Antes de siquiera tener un contacto, William se interpone para interrumpir.

—Claro que verá la carrera, tiene a su padre en el equipo.

—Por supuesto, señor Ferrer.

El piloto carraspea nervioso bajo los ojos acusadores de papá.

—Adiós, papá —me alzo para darle un beso en la mejilla.

—Te veo en unos días —me guiña.

Asiento disimulando una sonrisa y me aferro al brazo de mamá para avanzar. Al estar fuera de alcance del equipo prácticamente trotamos hasta el estacionamiento.

Entro en la camioneta y alcanzo mi mochila debajo del asiento delantero.

—Tienes diez minutos —me advierte mamá en lo que cierra la puerta del auto.

Me deshago de mi ropa y lo primero que hago es colocarme la faja escondiendo mis atributos femeninos. Uso la ropa masculina casual y trenzo mi cabello para esconderlo bajo la gorra.

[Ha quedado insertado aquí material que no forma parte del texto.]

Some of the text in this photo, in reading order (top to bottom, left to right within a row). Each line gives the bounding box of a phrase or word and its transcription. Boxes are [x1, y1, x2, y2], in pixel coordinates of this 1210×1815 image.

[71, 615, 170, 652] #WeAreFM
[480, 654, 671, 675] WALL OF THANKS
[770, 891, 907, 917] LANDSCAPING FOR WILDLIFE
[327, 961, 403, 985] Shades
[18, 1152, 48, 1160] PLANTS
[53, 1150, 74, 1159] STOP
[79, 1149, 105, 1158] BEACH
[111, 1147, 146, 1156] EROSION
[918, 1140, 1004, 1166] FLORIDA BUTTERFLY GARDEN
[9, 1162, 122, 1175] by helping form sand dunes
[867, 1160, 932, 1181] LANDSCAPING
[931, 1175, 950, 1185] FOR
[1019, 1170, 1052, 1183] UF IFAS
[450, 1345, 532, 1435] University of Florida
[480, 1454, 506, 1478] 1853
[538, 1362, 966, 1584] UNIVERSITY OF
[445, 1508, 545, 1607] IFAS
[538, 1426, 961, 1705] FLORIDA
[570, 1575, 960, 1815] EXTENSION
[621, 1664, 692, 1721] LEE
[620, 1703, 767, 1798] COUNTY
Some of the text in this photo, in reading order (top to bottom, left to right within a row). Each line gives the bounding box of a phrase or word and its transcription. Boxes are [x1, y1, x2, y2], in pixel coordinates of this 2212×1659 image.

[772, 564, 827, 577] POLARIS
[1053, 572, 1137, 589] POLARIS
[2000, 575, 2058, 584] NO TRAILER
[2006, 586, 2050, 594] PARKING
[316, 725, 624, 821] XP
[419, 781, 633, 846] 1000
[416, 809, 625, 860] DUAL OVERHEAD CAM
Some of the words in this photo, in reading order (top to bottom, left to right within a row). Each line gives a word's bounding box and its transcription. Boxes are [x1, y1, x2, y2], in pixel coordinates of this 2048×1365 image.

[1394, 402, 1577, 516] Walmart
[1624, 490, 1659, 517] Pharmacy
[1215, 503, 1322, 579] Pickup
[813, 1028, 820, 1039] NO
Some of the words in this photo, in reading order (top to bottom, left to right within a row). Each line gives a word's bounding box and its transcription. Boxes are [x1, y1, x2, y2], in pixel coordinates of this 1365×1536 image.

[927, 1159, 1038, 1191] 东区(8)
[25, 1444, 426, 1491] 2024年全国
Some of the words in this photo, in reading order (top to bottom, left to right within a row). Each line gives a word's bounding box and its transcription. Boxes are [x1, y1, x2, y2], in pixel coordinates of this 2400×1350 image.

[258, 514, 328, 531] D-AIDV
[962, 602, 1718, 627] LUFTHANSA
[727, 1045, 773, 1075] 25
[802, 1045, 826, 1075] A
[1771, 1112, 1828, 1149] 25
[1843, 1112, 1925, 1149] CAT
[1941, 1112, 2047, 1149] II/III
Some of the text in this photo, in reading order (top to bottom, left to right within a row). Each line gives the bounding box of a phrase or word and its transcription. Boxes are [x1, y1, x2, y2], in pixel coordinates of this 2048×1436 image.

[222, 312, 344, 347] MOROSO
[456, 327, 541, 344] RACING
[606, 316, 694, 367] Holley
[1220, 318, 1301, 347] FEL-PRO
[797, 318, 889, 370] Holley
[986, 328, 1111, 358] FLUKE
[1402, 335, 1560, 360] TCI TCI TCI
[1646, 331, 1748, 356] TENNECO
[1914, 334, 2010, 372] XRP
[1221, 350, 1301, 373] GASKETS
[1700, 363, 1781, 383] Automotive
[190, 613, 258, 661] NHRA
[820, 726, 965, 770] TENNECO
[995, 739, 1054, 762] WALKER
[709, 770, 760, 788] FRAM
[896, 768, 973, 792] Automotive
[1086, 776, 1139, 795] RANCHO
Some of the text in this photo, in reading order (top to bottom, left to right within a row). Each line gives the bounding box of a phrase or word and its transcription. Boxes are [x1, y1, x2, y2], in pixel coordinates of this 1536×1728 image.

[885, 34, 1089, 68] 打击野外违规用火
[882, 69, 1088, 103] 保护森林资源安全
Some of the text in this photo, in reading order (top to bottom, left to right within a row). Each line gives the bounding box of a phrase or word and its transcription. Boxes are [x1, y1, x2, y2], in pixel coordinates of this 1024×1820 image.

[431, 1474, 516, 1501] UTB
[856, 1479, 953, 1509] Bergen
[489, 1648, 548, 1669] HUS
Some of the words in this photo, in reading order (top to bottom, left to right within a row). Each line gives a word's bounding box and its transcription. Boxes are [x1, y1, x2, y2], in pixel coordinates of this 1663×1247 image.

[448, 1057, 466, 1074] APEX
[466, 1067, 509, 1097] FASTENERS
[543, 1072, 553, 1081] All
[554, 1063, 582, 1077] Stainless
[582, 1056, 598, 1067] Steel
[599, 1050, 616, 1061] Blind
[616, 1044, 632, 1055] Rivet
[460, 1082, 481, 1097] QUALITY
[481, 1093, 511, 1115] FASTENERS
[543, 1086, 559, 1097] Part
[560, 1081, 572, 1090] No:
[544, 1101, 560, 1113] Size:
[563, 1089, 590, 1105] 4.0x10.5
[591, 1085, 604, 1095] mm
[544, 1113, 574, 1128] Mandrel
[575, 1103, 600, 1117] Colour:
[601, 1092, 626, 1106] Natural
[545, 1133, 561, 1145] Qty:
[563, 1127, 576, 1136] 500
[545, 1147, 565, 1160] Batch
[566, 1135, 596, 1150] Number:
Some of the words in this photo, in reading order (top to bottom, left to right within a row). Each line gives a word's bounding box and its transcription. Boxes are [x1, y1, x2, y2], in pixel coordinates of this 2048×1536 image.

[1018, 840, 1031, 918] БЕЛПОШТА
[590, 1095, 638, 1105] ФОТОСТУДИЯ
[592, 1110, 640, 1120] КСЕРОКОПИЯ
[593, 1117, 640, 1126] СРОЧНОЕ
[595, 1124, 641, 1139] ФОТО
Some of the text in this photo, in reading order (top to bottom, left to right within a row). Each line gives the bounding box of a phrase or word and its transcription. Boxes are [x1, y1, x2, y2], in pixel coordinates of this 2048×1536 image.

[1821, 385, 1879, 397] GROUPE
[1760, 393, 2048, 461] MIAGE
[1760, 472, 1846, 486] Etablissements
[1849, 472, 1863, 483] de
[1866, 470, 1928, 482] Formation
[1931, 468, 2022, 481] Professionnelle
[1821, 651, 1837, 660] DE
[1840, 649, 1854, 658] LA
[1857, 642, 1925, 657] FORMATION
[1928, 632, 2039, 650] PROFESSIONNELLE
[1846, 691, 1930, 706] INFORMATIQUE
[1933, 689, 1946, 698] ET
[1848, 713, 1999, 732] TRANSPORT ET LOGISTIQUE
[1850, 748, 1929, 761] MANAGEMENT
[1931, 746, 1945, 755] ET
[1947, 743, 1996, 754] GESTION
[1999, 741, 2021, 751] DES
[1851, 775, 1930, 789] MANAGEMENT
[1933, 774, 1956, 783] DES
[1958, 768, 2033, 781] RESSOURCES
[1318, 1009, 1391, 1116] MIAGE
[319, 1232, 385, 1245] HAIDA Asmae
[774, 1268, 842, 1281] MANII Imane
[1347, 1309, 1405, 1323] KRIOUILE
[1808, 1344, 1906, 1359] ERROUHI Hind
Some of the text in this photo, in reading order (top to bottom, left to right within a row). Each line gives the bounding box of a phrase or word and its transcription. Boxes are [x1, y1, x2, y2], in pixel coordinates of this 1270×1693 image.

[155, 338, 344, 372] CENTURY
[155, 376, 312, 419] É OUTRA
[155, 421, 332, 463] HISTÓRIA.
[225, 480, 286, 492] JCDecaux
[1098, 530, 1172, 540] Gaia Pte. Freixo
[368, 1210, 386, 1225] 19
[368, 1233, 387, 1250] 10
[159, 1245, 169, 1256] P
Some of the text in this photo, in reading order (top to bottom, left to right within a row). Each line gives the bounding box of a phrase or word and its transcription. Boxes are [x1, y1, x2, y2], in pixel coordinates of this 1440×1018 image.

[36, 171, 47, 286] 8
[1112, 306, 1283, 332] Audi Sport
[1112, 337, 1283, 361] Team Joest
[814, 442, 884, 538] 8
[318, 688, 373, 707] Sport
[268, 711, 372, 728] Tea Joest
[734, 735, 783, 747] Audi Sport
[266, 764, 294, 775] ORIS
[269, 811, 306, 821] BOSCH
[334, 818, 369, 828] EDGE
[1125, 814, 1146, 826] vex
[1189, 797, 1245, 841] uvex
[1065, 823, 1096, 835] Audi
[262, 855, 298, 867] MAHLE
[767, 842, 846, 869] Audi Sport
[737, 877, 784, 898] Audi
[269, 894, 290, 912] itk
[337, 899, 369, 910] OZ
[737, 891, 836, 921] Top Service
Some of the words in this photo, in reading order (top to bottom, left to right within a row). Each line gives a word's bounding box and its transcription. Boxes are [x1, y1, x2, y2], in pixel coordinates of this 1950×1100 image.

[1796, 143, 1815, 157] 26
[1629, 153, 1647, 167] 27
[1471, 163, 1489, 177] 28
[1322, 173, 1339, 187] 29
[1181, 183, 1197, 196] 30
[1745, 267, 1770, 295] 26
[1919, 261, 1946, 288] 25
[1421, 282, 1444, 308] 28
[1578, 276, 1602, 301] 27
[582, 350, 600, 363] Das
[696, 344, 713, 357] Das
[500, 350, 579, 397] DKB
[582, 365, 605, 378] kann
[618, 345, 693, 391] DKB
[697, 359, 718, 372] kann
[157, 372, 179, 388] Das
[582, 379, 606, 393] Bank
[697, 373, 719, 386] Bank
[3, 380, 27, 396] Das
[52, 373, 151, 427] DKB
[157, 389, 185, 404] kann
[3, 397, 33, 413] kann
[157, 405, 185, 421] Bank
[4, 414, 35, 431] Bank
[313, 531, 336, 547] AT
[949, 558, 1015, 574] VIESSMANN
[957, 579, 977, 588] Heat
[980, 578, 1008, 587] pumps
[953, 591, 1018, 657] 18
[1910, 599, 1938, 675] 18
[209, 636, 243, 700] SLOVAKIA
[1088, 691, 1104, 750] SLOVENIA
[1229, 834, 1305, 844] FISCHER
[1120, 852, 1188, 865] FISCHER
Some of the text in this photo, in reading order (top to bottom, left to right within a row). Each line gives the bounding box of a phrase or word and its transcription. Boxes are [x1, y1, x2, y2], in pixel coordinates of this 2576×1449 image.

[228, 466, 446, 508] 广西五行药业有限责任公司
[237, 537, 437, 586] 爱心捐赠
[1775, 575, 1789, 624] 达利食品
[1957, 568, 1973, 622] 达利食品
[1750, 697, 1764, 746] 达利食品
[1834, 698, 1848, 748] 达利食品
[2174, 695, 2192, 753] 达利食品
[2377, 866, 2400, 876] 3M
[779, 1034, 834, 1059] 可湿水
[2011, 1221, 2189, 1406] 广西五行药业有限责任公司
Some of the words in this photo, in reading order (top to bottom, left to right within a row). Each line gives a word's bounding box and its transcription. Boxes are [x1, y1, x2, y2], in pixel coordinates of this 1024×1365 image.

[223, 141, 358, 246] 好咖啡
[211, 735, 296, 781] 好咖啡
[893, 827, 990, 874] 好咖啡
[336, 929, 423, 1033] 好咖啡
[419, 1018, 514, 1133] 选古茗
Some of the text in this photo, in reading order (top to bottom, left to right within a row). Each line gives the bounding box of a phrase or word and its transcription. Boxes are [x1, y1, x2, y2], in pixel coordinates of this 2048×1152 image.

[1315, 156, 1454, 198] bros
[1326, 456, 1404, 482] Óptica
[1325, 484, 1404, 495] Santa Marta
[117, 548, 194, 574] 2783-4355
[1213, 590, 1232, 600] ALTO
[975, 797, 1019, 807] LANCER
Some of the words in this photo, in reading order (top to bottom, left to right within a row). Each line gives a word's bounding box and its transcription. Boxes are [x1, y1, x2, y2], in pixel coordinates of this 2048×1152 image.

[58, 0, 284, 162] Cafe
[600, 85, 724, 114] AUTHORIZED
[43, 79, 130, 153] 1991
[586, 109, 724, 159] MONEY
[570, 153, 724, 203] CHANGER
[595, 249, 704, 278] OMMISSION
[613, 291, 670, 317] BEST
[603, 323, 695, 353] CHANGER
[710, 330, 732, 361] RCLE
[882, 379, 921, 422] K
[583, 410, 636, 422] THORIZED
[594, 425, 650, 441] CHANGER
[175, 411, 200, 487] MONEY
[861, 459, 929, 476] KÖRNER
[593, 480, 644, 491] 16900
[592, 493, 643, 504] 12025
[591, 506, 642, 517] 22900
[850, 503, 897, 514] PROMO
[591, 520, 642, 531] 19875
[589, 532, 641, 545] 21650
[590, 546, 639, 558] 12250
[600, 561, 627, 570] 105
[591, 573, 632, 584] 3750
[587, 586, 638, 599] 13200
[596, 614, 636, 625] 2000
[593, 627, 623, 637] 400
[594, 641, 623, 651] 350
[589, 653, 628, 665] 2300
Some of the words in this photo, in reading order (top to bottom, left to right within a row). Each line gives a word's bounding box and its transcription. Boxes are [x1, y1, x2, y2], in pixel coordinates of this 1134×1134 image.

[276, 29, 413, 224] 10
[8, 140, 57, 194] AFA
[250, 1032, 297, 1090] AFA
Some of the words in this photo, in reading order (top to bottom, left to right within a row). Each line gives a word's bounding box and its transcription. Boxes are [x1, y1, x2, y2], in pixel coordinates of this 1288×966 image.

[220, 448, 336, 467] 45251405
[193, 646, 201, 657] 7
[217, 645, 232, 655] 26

En tiempo récord quito el delineado y maquillo mis facciones.

Observo mi reflejo en la pantalla de mi teléfono, soy Alex otra vez.

Mi espejo desapareció hace un tiempo y me niego a comprar otro hasta revisar todos los rincones donde he podido perderlo.

Salgo del auto con la mochila al hombro y mamá ya tiene mi maleta afuera. Arruga la nariz cuando ve como salgo.

—Ya comienzo a extrañar a mi princesa.

Pongo los ojos en blanco ante su desprecio. Se acerca y me envuelve en un abrazo.

A pesar de todo, sin sus comentarios no sería la Diane que conozco.

—¡No te arriesgues demasiado! —advierte sin soltarme.

—Está bien, mamá.

—Te conozco y sé hasta donde llega tu espíritu competitivo.

—Por eso no prometo nada.

Río, y ella me da una palmada en el trasero.

—No me hagas ir a buscarte de una oreja. Sigo siendo tu madre seas Alex o Alessia —me acerca mi maleta y acaricia mi mejilla—. Buen viaje, princesa. Avísenme cuando lleguen.

Le doy un beso y prometo enviarle un mensaje cuando aterricemos.

Troto de vuelta al interior del aeropuerto. Quedan menos de diez minutos para partir. El equipo está en la fila abordando el avión privado. Entrego mis pertenencias y me dirijo hacia ellos.